И с удовольствием он стал почему-то припоминать свой разговор с этими двумя ребятами — с Сережей и Витей, когда в немецком городке Гутенштадте они сидели на явке в залитом водой гараже, в мозглом подвале и Гнетов почему-то вдруг спросил:

— Товарищ полковник, с вами лично когда-нибудь товарищ Дзержинский беседовал?

— Я Дзержинского не видел, — ответил Штуб.

— Никогда? — разочарованно осведомился Сережа.

Они считали, что их «старик» — он и тогда уже звался стариком — знал всех решительно вождей.

— Никогда.

— Откуда же вы столько про него узнали? — спросил Гнетов.

— Собирал по крохам, — ответил Штуб. — Я же журналист по профессии, хотел написать книжку. И название придумал даже.
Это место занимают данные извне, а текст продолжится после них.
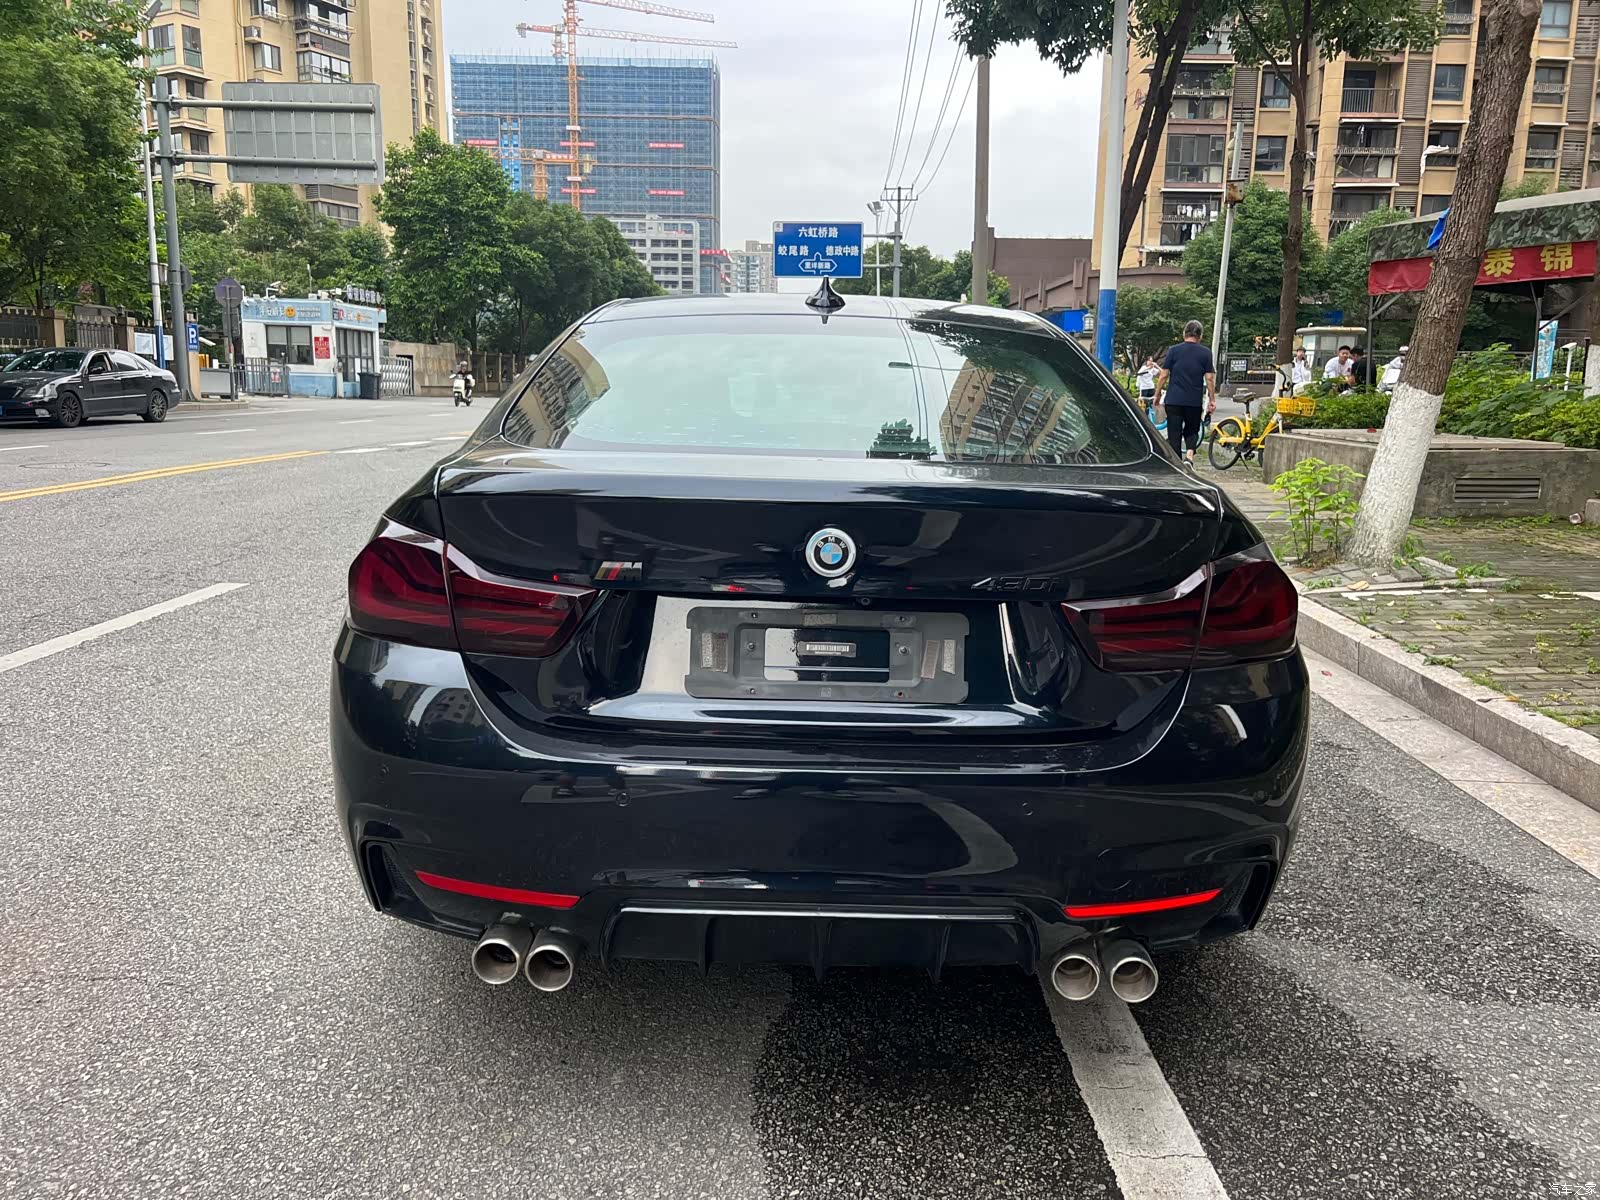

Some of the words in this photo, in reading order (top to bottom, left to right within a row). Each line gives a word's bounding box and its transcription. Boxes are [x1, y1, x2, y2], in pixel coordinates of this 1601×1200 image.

[798, 227, 838, 238] 六虹桥路
[778, 245, 809, 256] 蛟尾路
[825, 245, 859, 256] 德政中路
[1429, 243, 1573, 277] 泰锦
[188, 327, 197, 343] P
[816, 536, 847, 549] BMW
[971, 576, 1060, 592] 430i
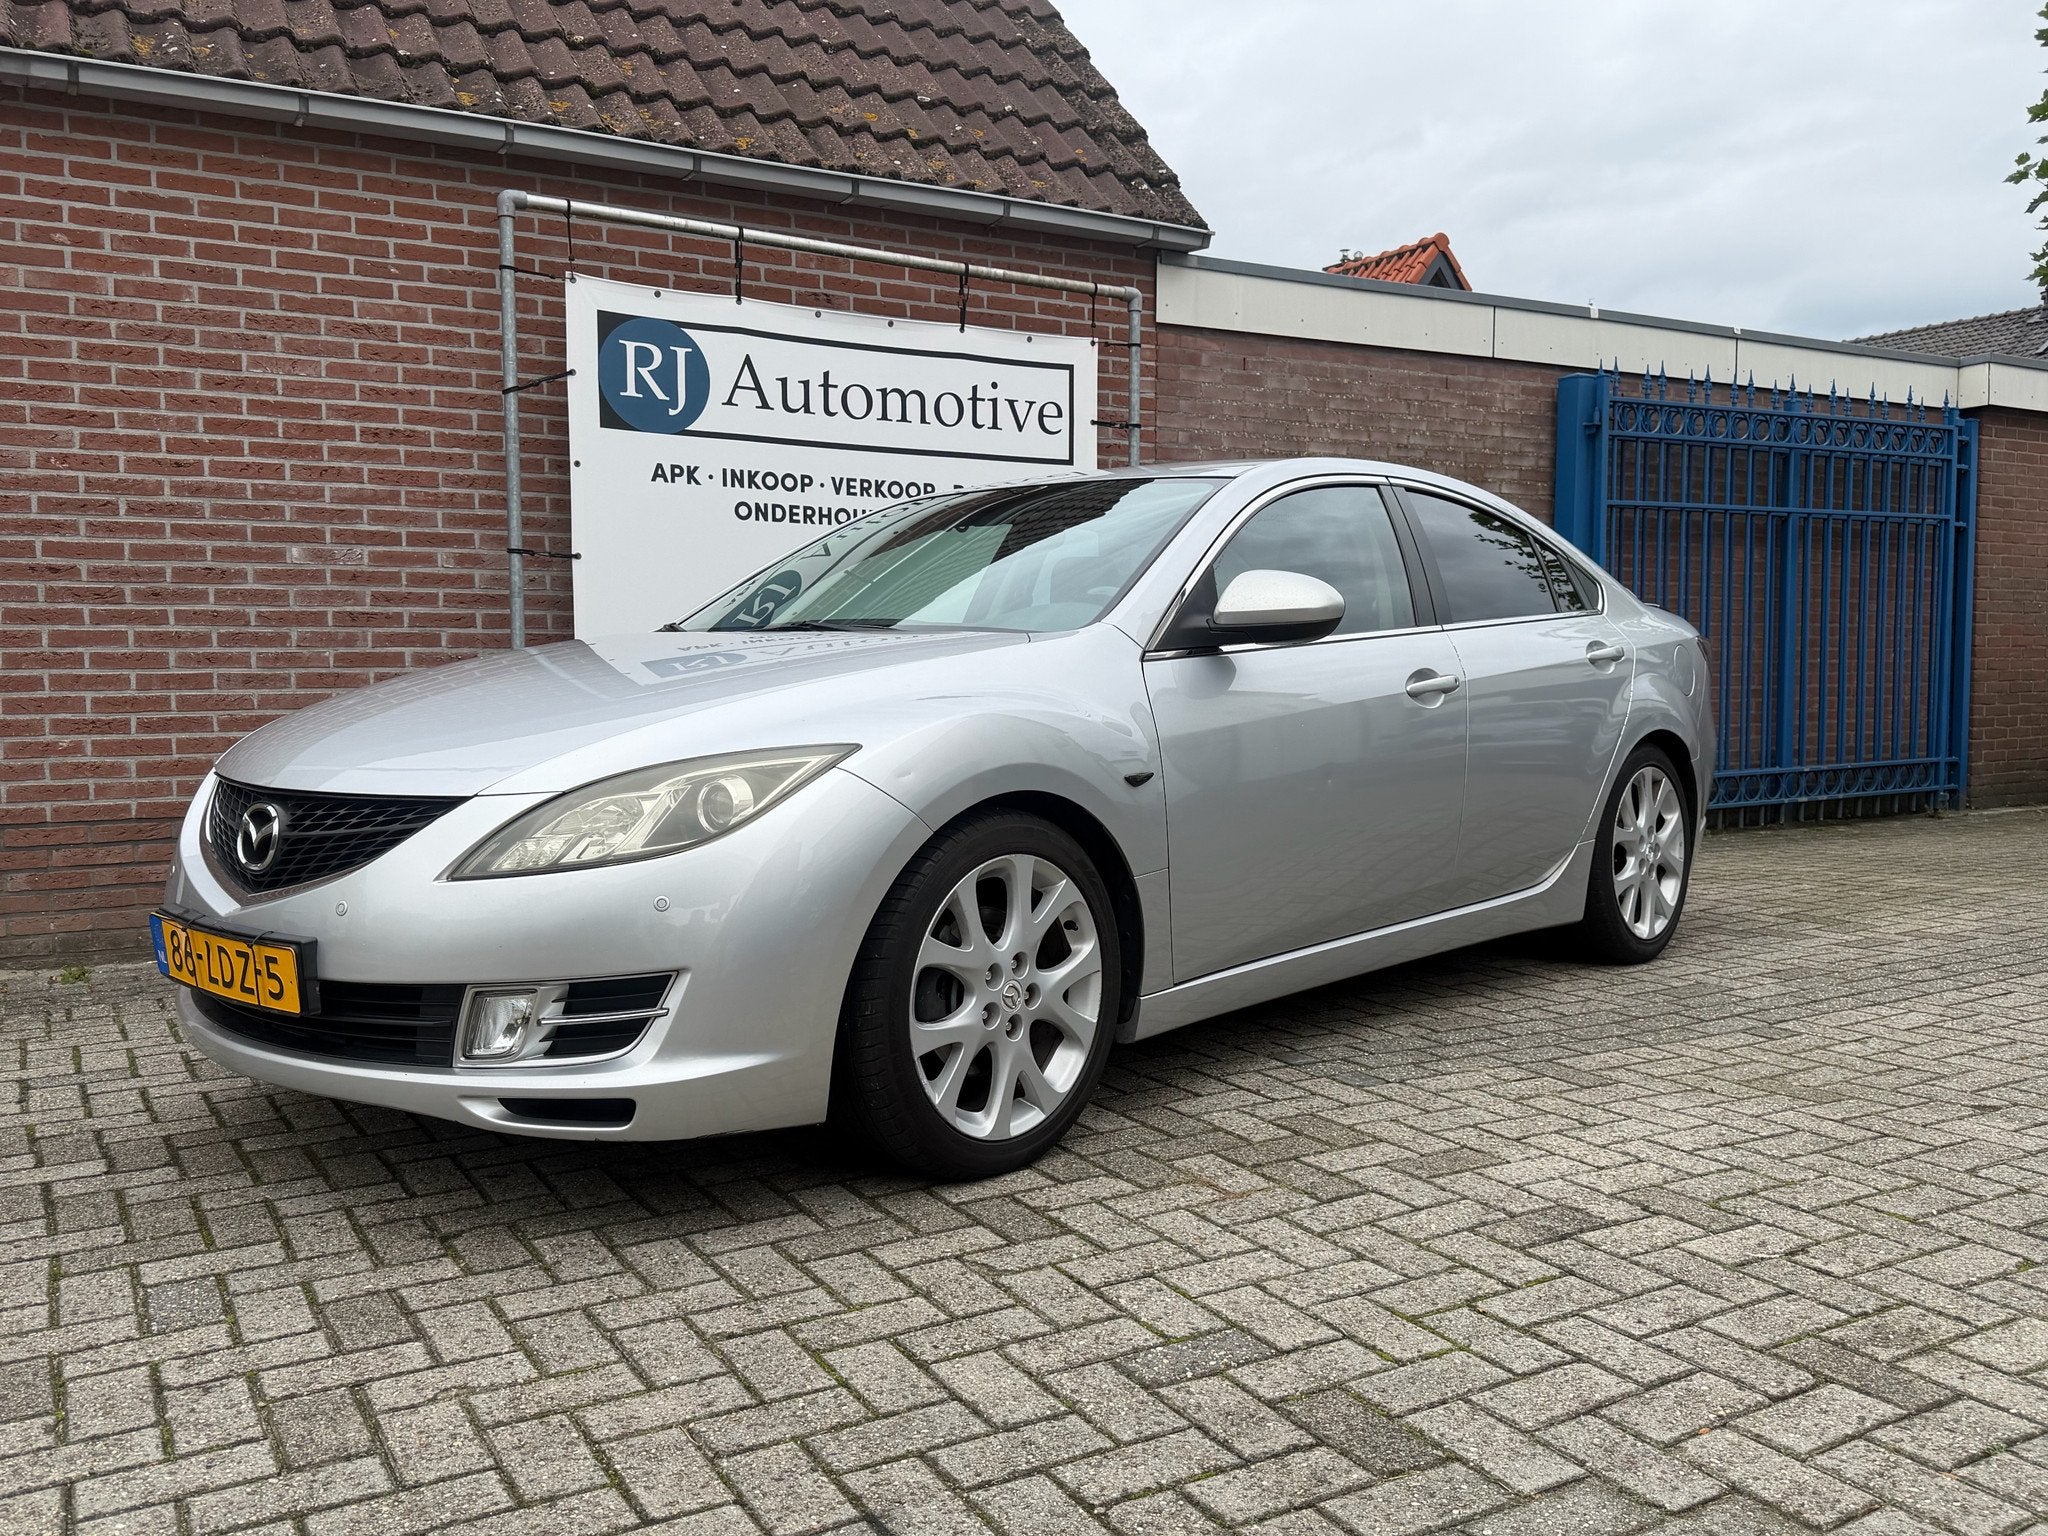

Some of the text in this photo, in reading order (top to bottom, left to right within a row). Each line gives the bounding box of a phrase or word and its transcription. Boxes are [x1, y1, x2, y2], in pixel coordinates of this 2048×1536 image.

[619, 339, 1064, 437] RJ Automotive
[651, 463, 936, 500] APK INKOOP VERKOOP
[734, 501, 873, 526] ONDERHO
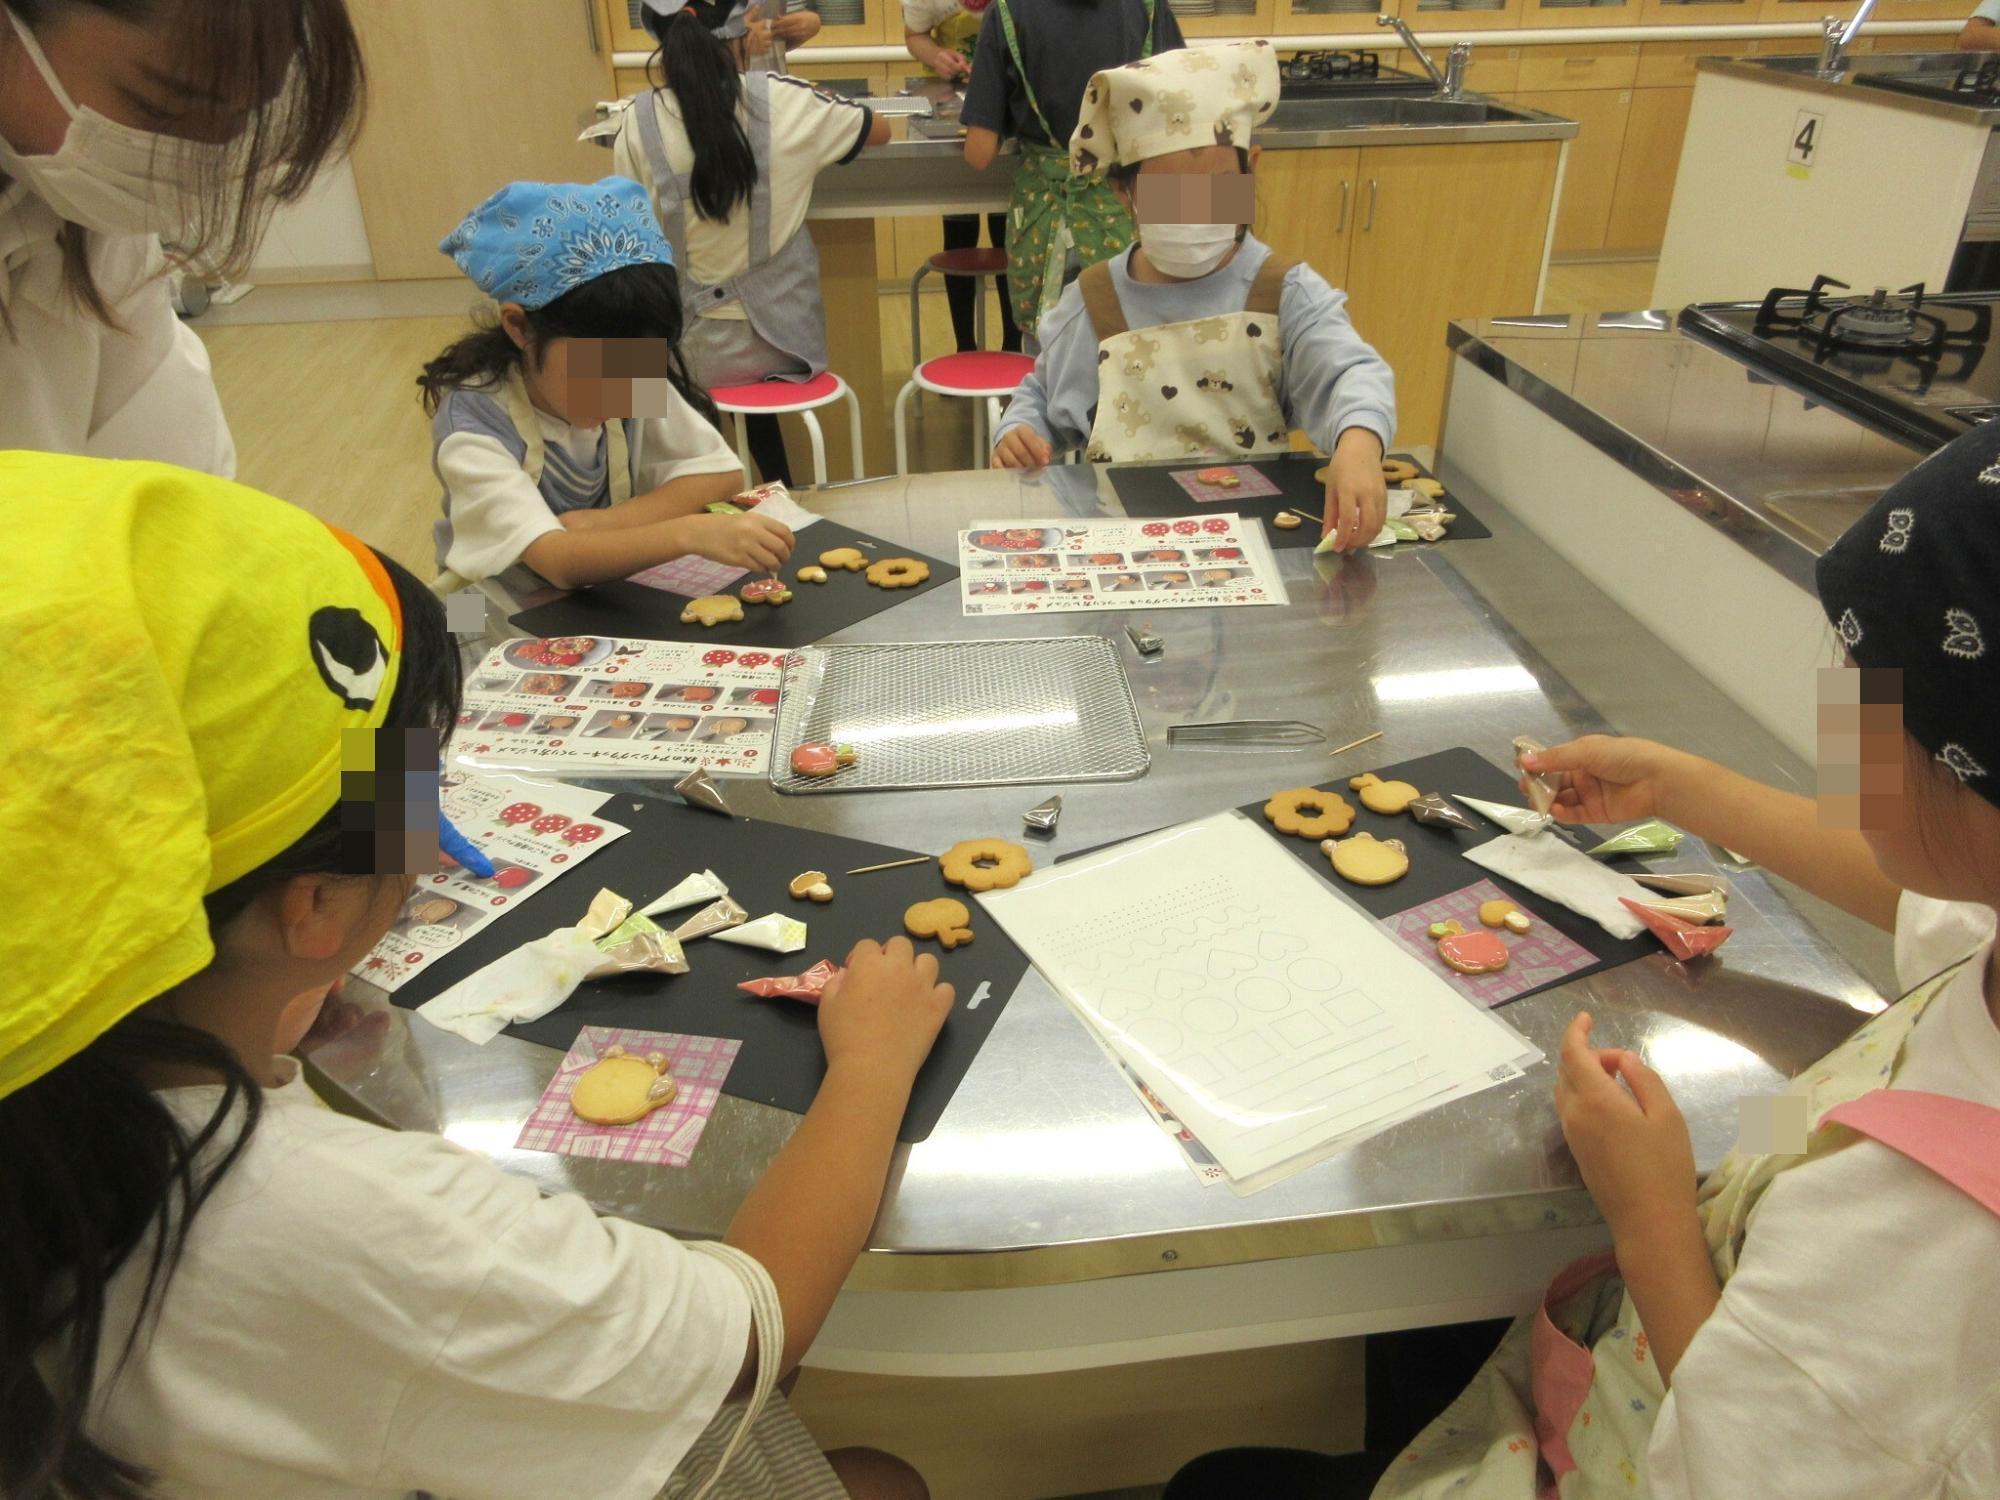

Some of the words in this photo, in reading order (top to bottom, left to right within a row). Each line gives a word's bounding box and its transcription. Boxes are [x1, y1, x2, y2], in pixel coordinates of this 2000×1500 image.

[1794, 119, 1816, 159] 4
[497, 747, 578, 757] つくり方レジュメ
[583, 750, 697, 763] 秋のアイシングクッキー
Лейтенанты молчали. Они оба огорчились, что «старик» журналист, а не соратник Дзержинского по тем великим дням. Может быть, Штуб и стишки писал? Но про стихи они не спросили, постеснялись.

Подрывники все не шли. Снаружи лил тяжелый, длинный ливень, стекал в бетонированную яму. Они втроем сидели в кузове грузовика без колес, вода уже подобралась к их ногам.

— Если Шовкопляс не прорвется к семнадцати, нас тут зальет к черту, — сказал Штуб. — В час вода прибывает сантиметров на сорок, а стока нет.

— А какое вы название придумали? — спросил Колокольцев.

— Дело разве в названии? — ответил Штуб. — Дело в другом. Например, в том, что Дзержинский в самые тяжелые годы требовал отмены всяких трибуналов и троек с тем, чтобы были настоящие суды по всем правилам судопроизводства. Дело в том, что Дзержинский утверждал: к чекистам, в ЧК должны приходить за справедливостью. Он, например, говорил: спокойствие изобретателя, полезного народным массам, охраняется чекистами, он утверждал: осуждение невиновного есть преступление перед революцией…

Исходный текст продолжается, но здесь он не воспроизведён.